Stieber signed a two-year contract with Aston Villa in May 2005 and quickly impressed Tony McAndrew with his performances for the Academy. In total, he made 30 appearances for the Academy, scoring 4 goals in his debut season. He was part of the squad that got to the Play-offs Final of the FA Premier Academy League in May 2006, which Villa lost 3–2 against Southampton. He also made six substitute appearances for the Reserves in the 2005–06 season.

Stieber appeared 13 times for Aston Villa Reserves in the 2006–07 season, scoring two goals, against Fulham and Chelsea. He was also involved in producing a memorable hat-trick of assists, to help gain victory over Reading in a 3–0 win. On 4 January 2007, Stieber signed a two–year contract with the club, keeping him until 2009.

In late May 2007, Stieber guided Aston Villa to success in the 2007 HKFC Philips Lighting International Soccer Sevens, scoring a spectacular winner against City Academy Hong Kong to book a place in the knock-out stages.

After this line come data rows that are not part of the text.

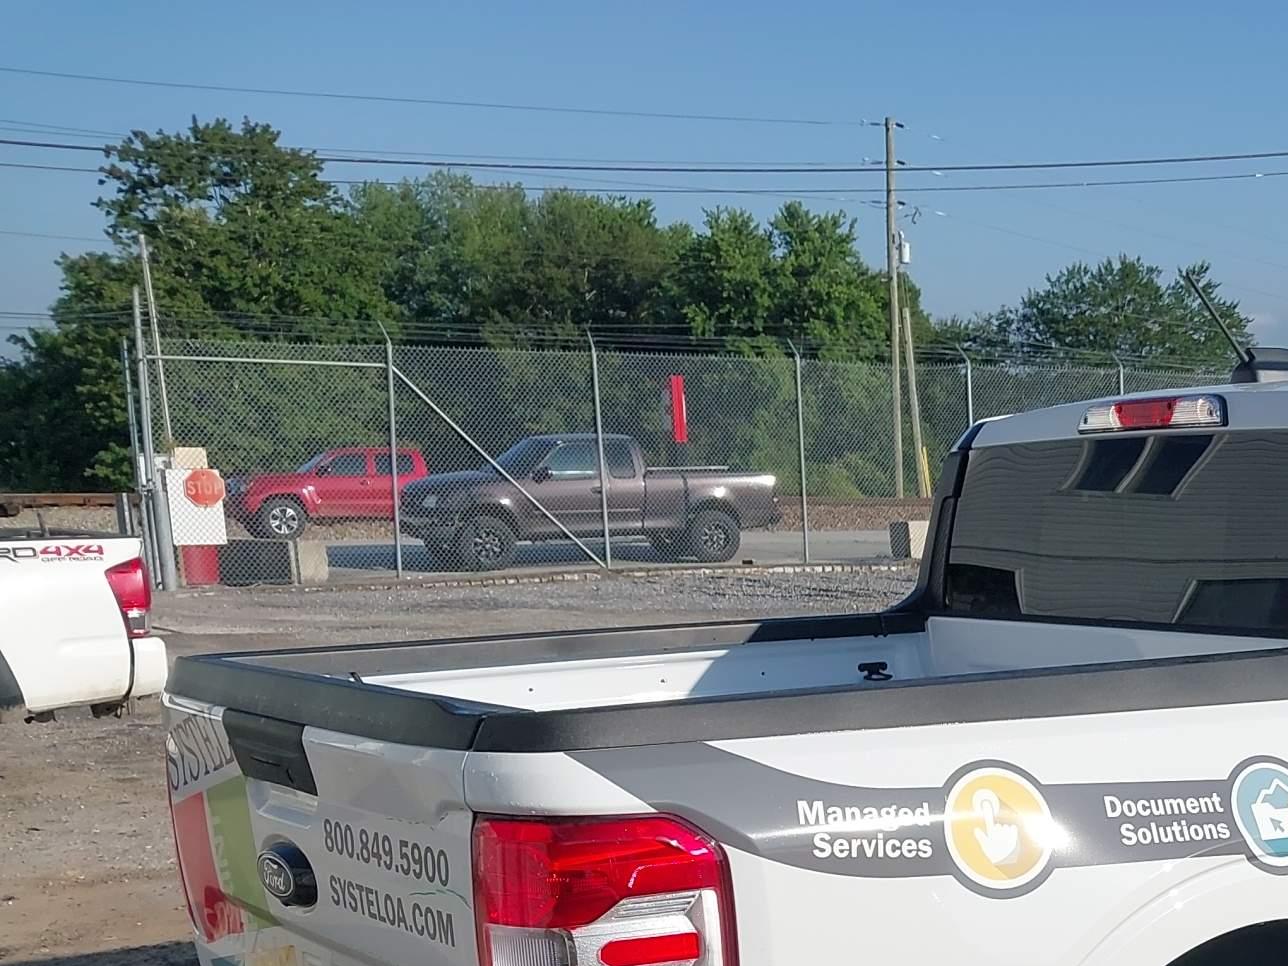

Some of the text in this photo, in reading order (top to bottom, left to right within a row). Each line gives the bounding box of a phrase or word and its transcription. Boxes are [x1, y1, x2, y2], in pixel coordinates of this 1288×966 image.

[187, 480, 219, 496] STOP
[167, 713, 236, 791] SYSTEL
[796, 799, 932, 831] Managed
[1103, 792, 1225, 818] Document
[811, 832, 933, 859] Services
[1119, 819, 1231, 846] Solutions
[323, 818, 450, 887] 800.849.5900
[329, 875, 456, 948] SYSTELOA.COM

He then went on to lead the Midlands club to victory against Urawa Red Diamonds, PSV and finally Central Coast Mariners FC to secure the trophy, in a competition which has brought notable success to Aston Villa in the past. His efforts in the competition were also rewarded with the Player of the Tournament trophy – succeeding last years winner – Gabriel Agbonlahor. After this success, he was rewarded with a three-year contract at Aston Villa – the longest given to any of the seven contractee's – thus showing the promise and potential shown in the young Hungarian.

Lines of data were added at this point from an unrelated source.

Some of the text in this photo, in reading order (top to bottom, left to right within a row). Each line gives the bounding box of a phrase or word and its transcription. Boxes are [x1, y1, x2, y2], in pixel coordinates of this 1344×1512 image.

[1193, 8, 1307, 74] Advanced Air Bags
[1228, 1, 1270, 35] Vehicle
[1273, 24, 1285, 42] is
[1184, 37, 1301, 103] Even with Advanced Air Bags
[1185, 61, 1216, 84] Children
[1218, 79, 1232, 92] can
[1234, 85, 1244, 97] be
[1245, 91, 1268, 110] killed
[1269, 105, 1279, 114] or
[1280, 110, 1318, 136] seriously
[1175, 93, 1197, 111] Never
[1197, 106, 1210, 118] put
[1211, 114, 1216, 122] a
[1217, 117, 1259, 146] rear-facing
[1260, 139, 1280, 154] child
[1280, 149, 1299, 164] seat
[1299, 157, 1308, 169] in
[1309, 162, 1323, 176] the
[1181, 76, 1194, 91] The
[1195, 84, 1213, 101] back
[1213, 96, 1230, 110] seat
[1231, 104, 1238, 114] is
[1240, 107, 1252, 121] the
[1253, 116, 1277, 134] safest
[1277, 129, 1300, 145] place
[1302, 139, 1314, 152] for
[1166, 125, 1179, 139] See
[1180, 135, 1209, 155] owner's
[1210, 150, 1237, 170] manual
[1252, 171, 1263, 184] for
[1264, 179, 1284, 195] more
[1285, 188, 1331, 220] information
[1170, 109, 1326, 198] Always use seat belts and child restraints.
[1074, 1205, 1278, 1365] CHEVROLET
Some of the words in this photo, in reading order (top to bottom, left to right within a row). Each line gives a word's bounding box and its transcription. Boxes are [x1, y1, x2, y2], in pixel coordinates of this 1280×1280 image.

In July 2007, Stieber was given his first taste of first-team action, when he was called up to the senior squad for the tour of the U.S. and Canada. He made his debut against Toronto and impressed against the Major League Soccer team, he also appeared in a further pre-season match against Walsall, in which he assisted the first goal of the game. Despite not making a competitive breakthrough to the senior team, he made a positive impression for Aston Villa Reserves that season, scoring against Fulham and Portsmouth and chalking up 6 assists in the opening 6 matches. This led the young midfielder to be awarded the first ever BBC Radio West Midlands Young Player of the Month, on 20 September 2007.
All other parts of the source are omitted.